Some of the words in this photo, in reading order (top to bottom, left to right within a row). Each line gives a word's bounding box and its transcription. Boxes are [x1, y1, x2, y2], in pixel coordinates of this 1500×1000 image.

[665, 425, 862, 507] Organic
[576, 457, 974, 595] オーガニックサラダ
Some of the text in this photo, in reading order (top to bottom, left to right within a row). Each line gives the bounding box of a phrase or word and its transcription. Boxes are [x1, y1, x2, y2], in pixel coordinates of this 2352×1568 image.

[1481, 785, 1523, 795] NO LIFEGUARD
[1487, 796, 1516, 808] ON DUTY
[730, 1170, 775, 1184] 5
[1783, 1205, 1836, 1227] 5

========

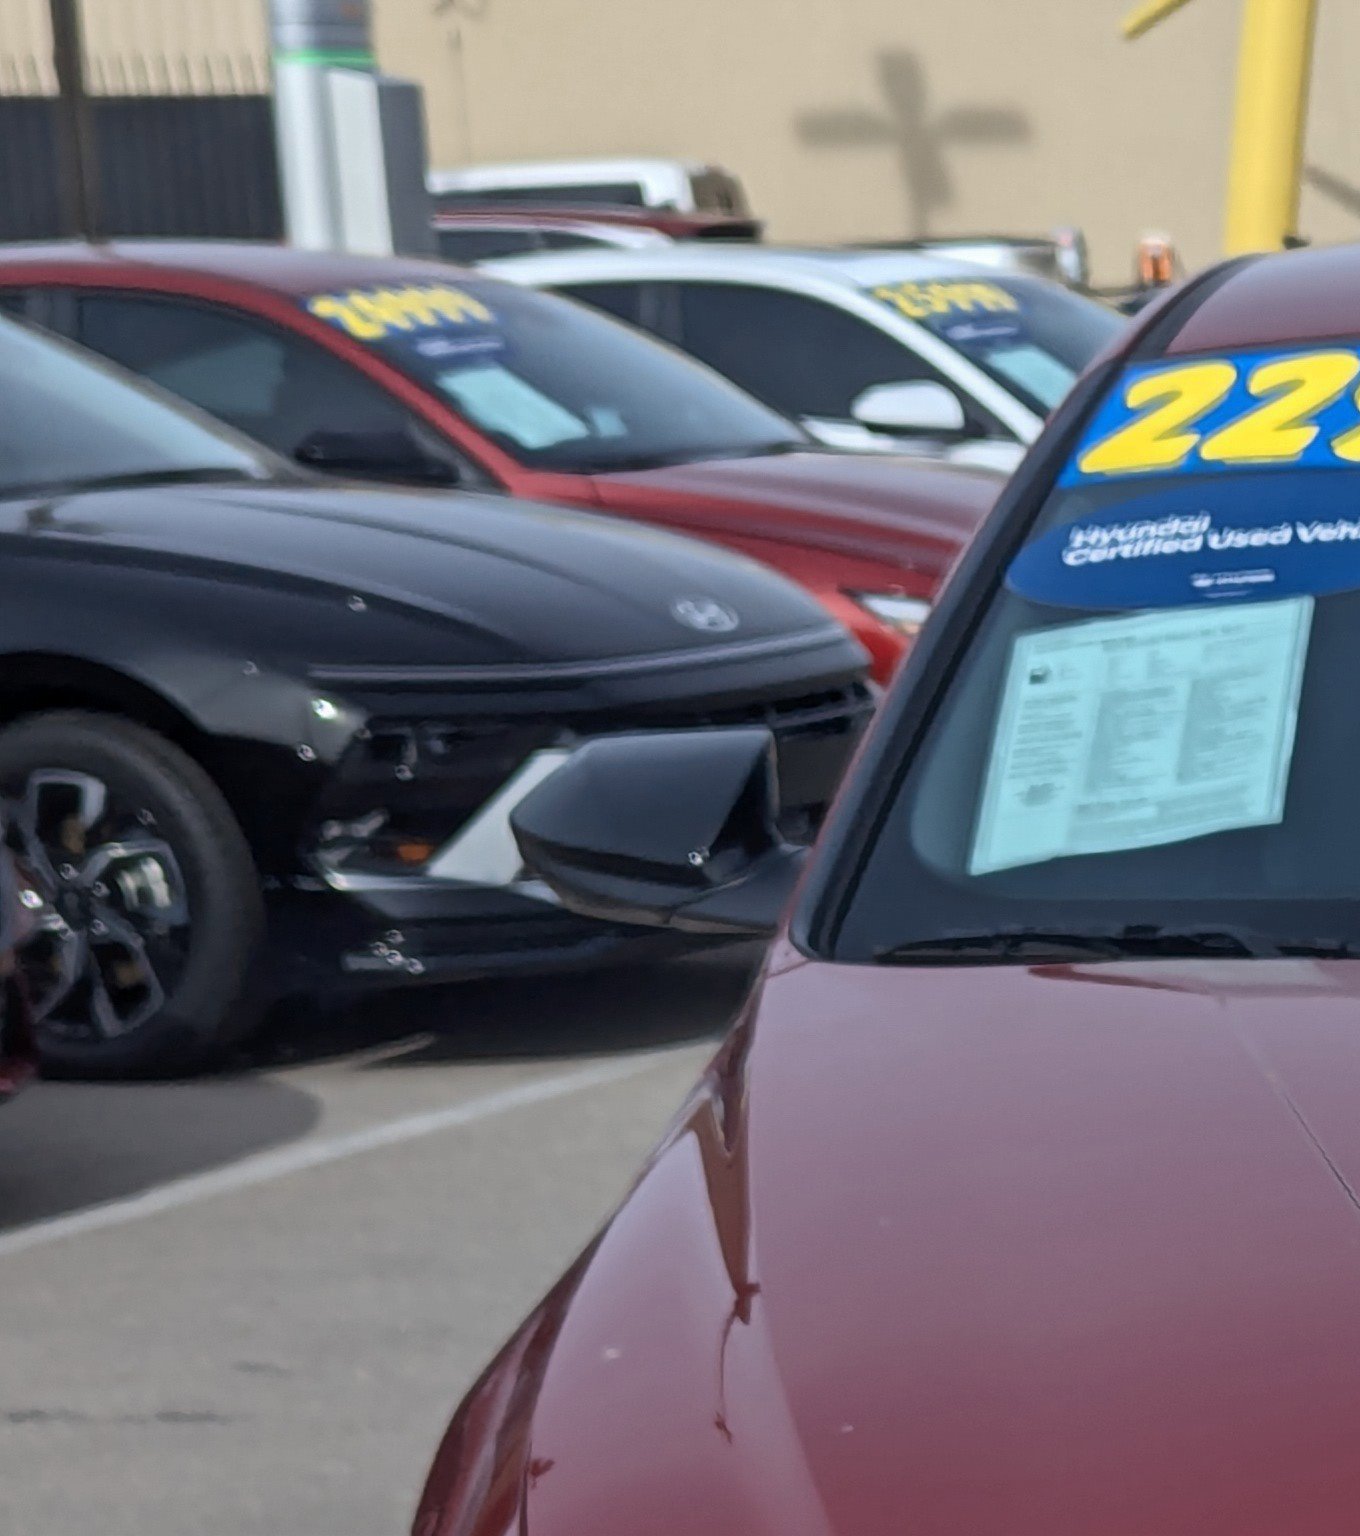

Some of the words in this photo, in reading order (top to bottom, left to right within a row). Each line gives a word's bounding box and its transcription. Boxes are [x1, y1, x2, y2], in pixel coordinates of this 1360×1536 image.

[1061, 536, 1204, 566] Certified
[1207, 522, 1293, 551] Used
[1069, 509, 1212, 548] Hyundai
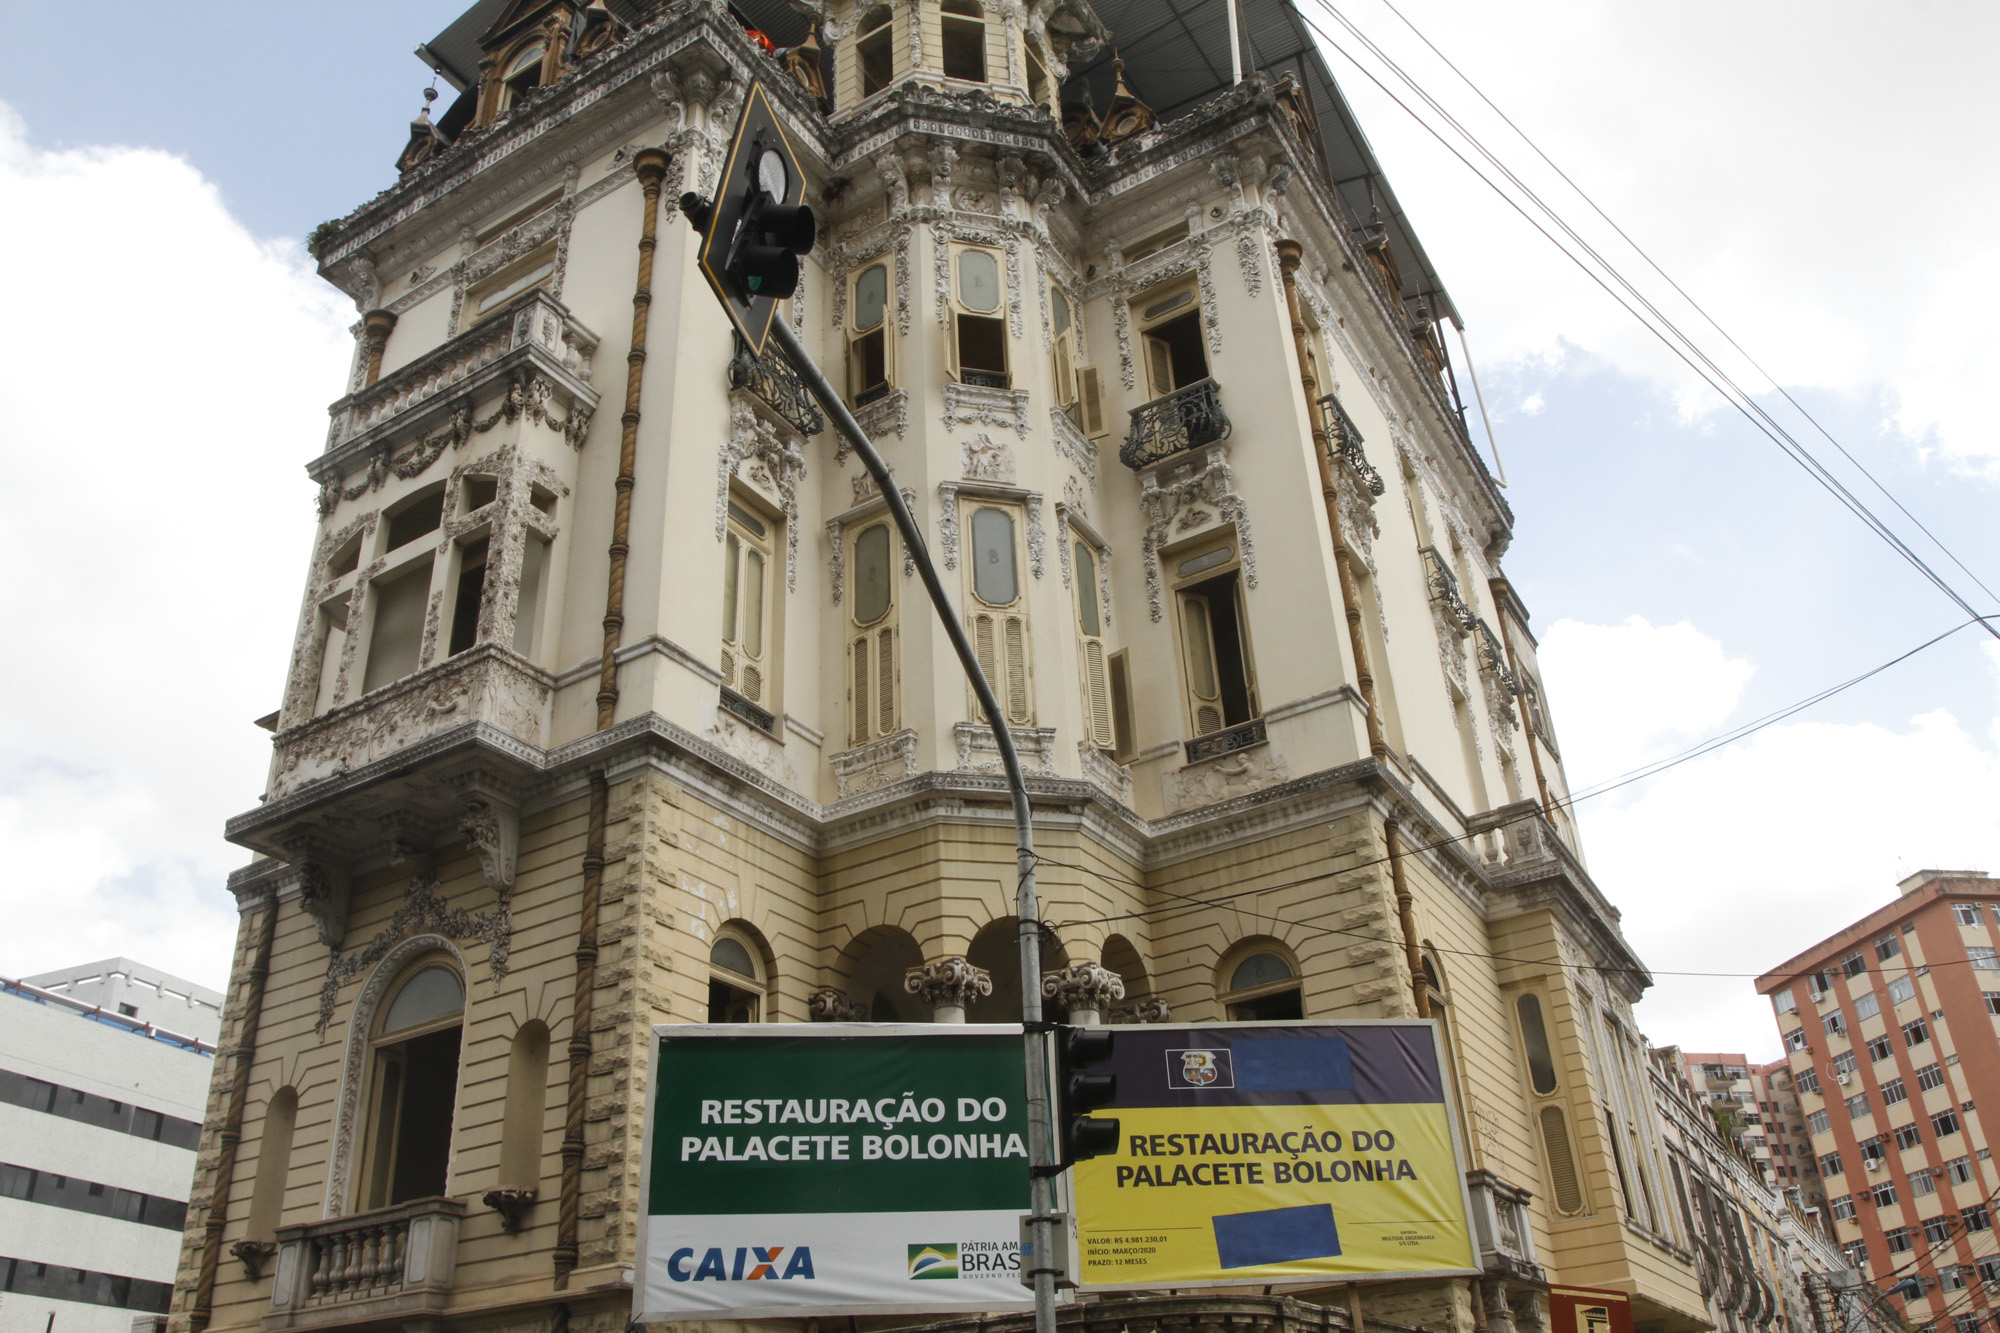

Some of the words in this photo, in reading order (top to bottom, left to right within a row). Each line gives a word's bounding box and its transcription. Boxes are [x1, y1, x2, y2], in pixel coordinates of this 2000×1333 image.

========

• WHAT YOU HAVE TO DO:
In the listing above, find the line with "this 1360×1536 image." and the line with "this 2000×1333 image.". Set down exactly those lines and everything between them, skipping pictures.

• WRITTEN ANSWER:
Some of the words in this photo, in reading order (top to bottom, left to right within a row). Each line gives a word's bounding box and its transcription. Boxes are [x1, y1, x2, y2], in pixel coordinates of this 1360×1536 image.

[1061, 536, 1204, 566] Certified
[1207, 522, 1293, 551] Used
[1069, 509, 1212, 548] Hyundai

Some of the words in this photo, in reading order (top to bottom, left to right within a row). Each line gives a word's bounding box and its transcription. Boxes are [x1, y1, x2, y2], in pixel coordinates of this 2000×1333 image.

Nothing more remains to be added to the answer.